What is needed
Your answer should hold exactly the lines from the one with "this 1600×1200 image." through the last line of the material below, nothing before and nothing extra.

Available data
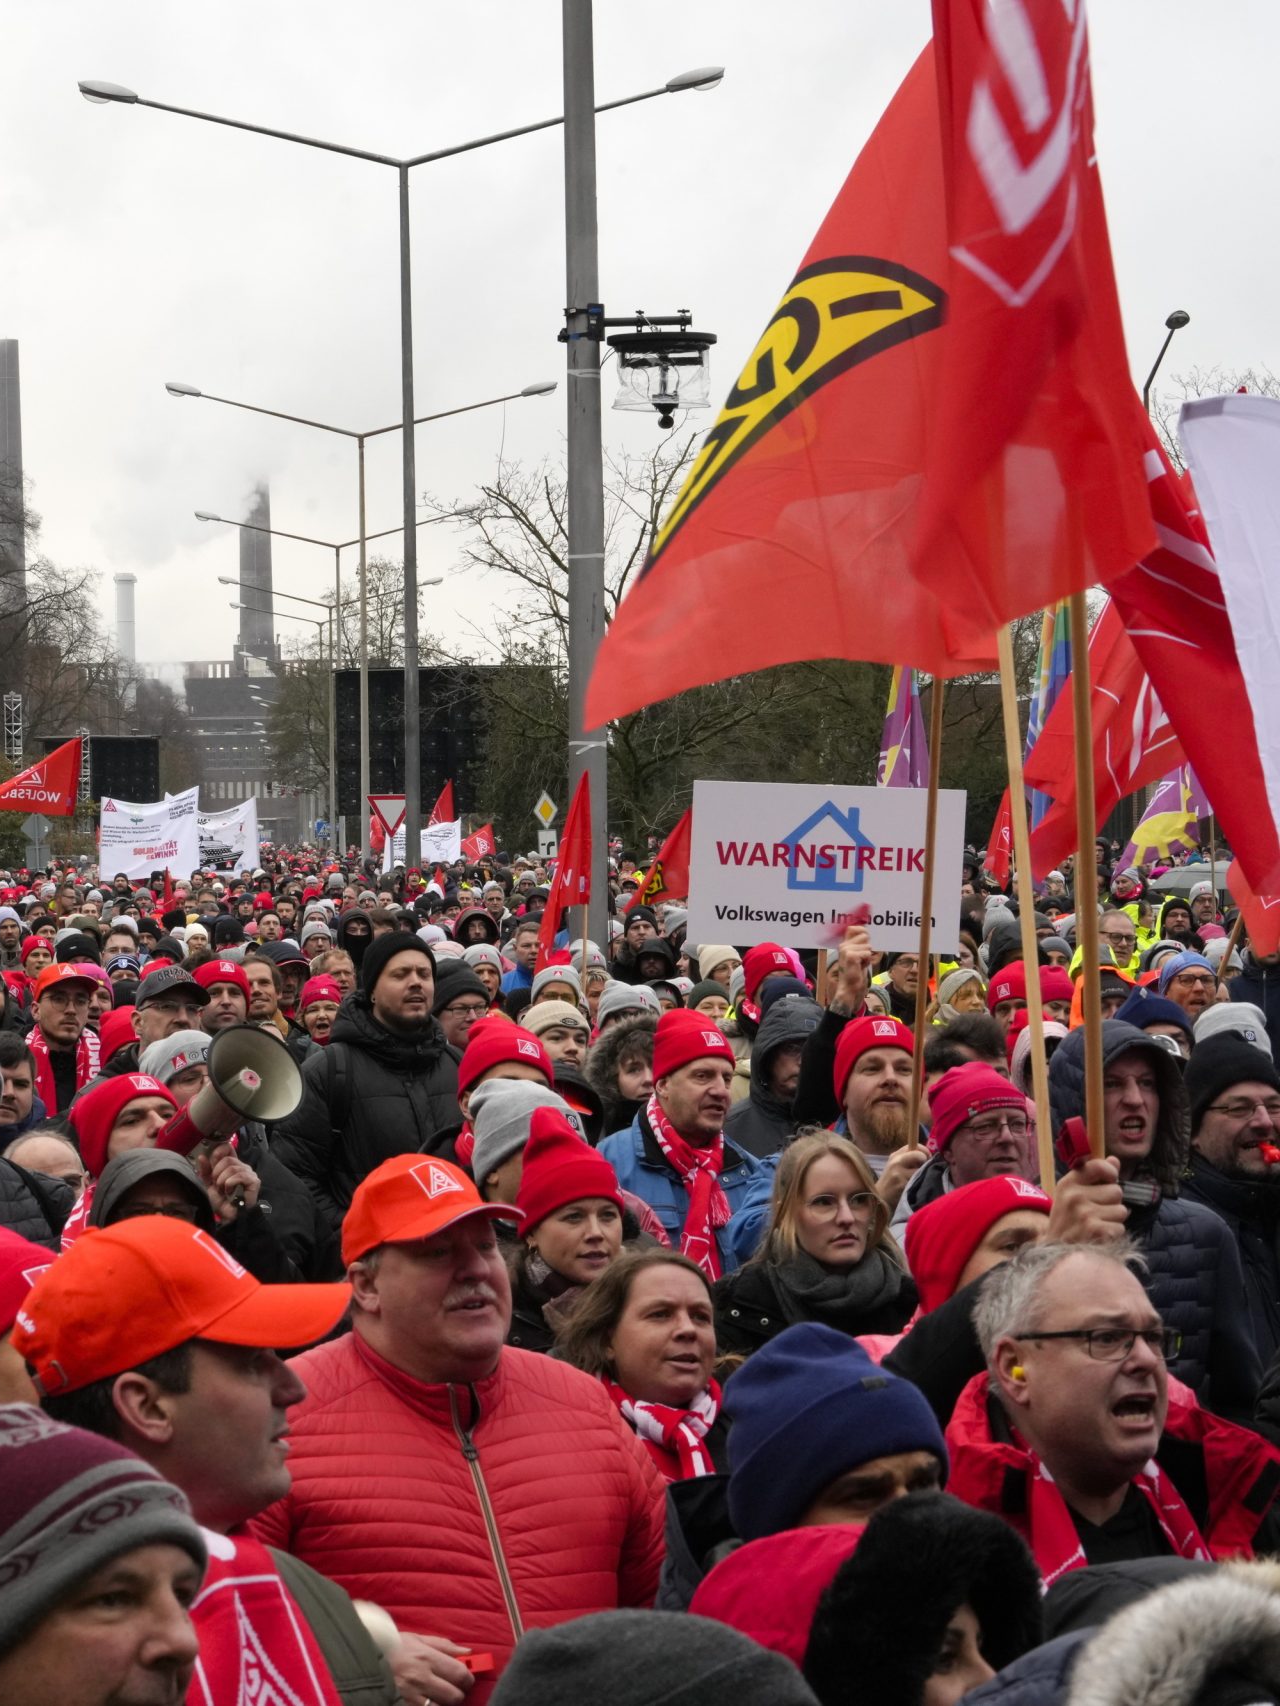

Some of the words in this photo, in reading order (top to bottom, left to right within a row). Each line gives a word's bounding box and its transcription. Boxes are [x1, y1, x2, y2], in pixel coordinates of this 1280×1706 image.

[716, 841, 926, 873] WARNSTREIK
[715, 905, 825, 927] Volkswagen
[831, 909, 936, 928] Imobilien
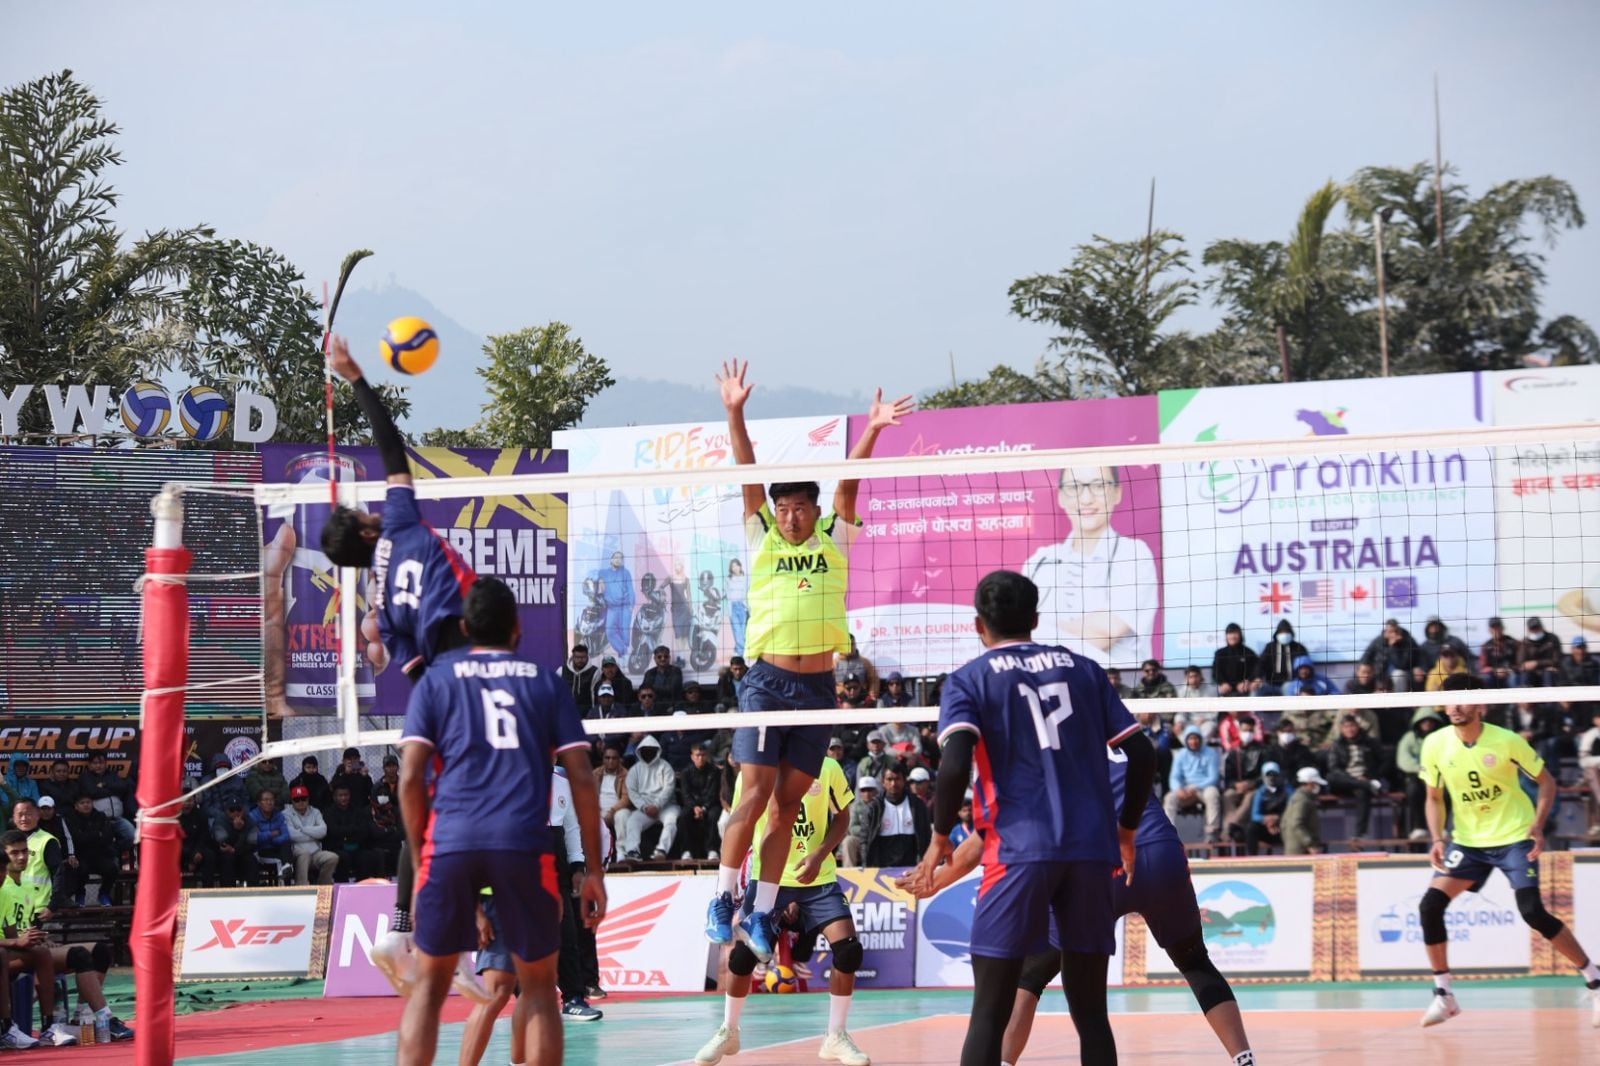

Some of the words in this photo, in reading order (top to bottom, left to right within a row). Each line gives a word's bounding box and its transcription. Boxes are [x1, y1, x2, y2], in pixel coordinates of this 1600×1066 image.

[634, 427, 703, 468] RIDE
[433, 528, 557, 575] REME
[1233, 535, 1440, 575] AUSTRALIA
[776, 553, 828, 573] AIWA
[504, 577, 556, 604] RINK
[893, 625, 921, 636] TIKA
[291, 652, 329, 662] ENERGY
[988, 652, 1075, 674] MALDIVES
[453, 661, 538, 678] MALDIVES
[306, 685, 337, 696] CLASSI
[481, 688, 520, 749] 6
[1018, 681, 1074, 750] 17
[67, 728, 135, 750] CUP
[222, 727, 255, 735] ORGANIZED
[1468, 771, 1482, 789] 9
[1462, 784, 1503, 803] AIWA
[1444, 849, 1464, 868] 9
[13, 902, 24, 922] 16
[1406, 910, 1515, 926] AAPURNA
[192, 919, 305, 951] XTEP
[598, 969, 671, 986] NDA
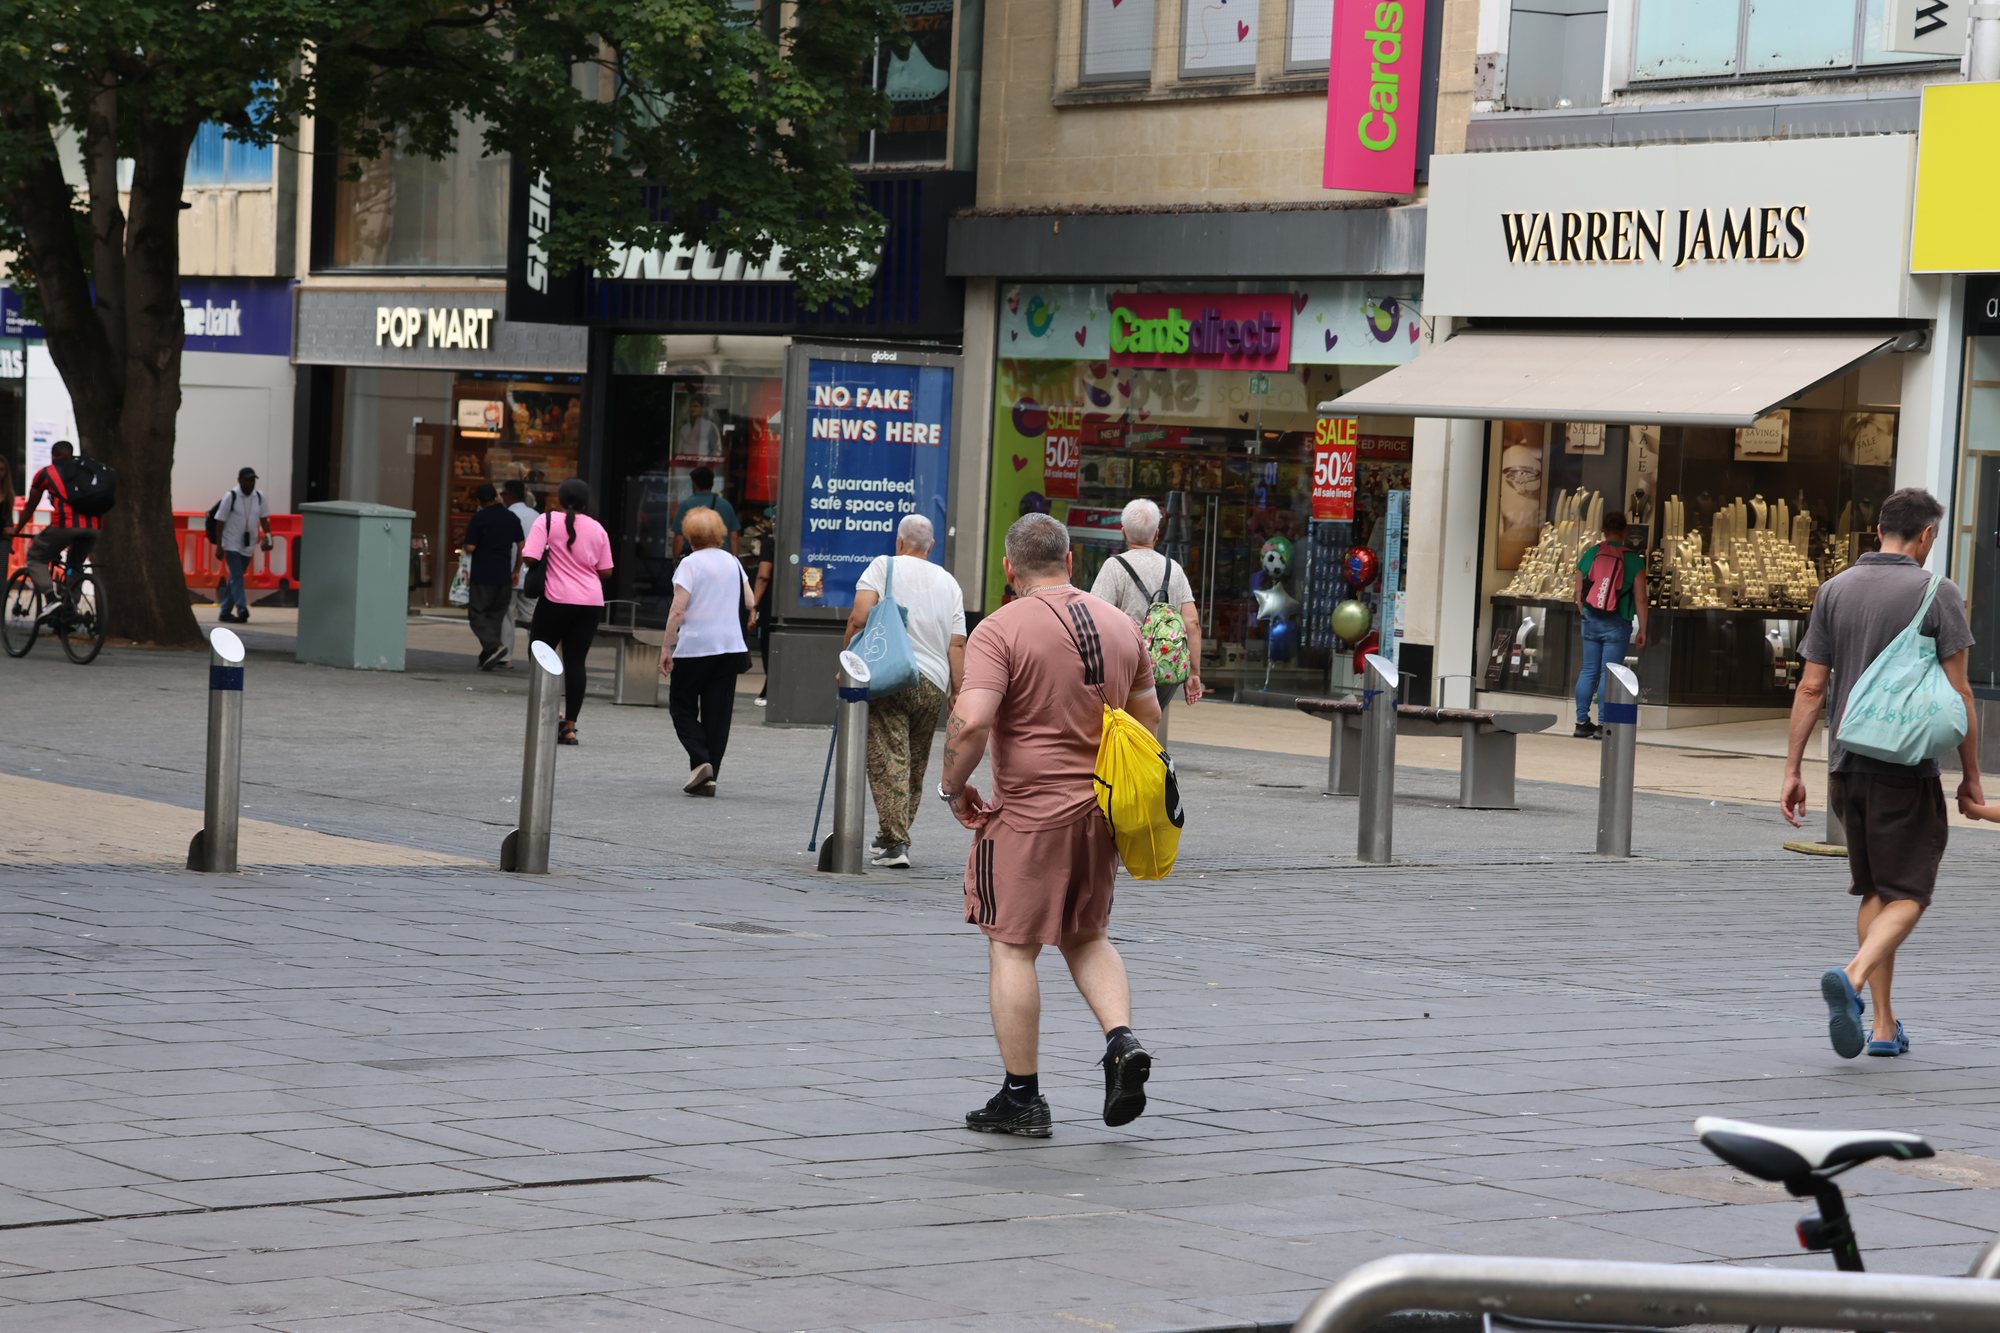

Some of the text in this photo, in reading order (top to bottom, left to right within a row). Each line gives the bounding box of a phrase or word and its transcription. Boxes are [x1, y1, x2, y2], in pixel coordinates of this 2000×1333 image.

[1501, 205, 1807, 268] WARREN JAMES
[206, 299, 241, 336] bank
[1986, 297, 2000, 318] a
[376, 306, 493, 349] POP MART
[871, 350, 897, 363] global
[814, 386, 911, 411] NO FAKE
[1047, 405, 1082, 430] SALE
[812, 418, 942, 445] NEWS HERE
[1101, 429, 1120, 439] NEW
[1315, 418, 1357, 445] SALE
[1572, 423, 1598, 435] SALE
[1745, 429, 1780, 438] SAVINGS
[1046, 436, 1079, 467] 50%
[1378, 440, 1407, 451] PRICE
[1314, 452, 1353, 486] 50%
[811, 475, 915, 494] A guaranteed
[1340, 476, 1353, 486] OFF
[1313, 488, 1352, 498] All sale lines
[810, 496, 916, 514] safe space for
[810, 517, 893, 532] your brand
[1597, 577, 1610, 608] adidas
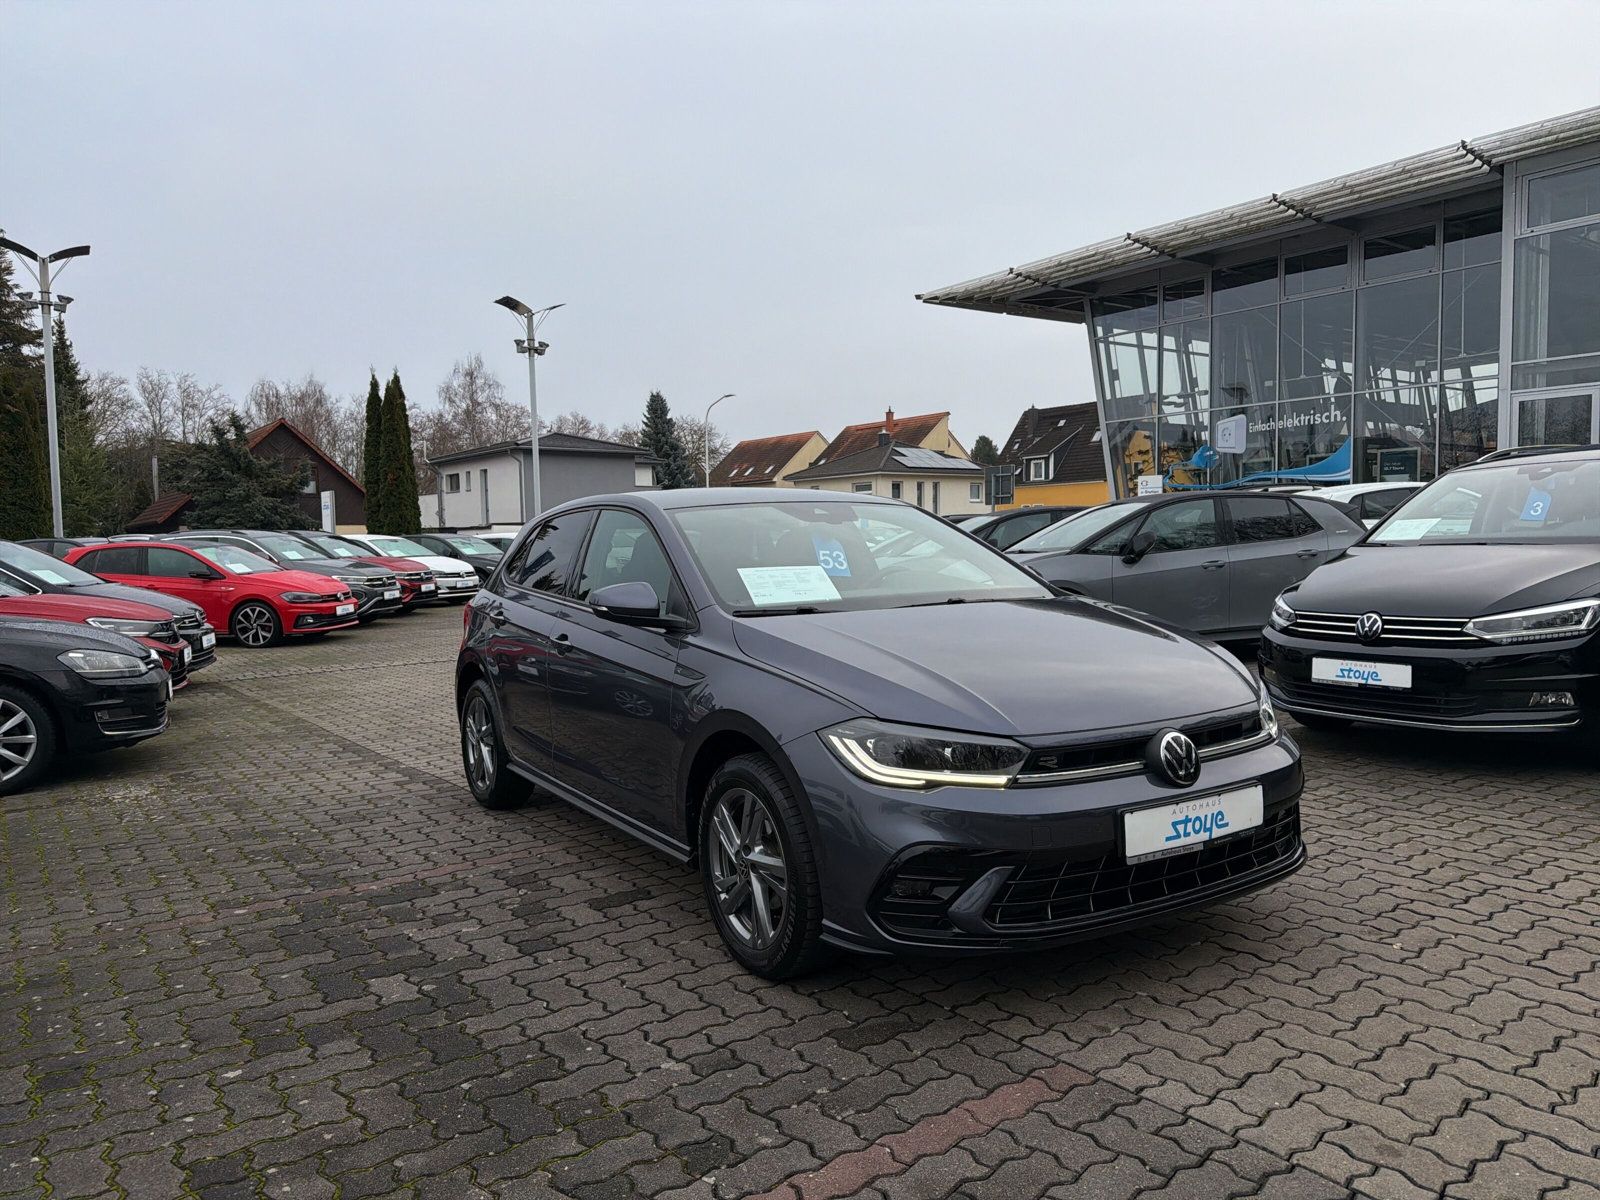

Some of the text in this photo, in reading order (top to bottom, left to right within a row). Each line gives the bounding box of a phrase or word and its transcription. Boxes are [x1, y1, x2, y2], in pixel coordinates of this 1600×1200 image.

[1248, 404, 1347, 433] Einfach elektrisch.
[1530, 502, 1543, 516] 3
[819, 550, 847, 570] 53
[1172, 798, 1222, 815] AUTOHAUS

Answer to this exercise
Some of the text in this photo, in reading order (top to bottom, left to right within a row). Each line gives the bounding box of a phrase or word and its transcription. Boxes are [x1, y1, x2, y2], in pixel coordinates of this 1600×1200 image.

[1248, 404, 1347, 433] Einfach elektrisch.
[1530, 502, 1543, 516] 3
[819, 550, 847, 570] 53
[1172, 798, 1222, 815] AUTOHAUS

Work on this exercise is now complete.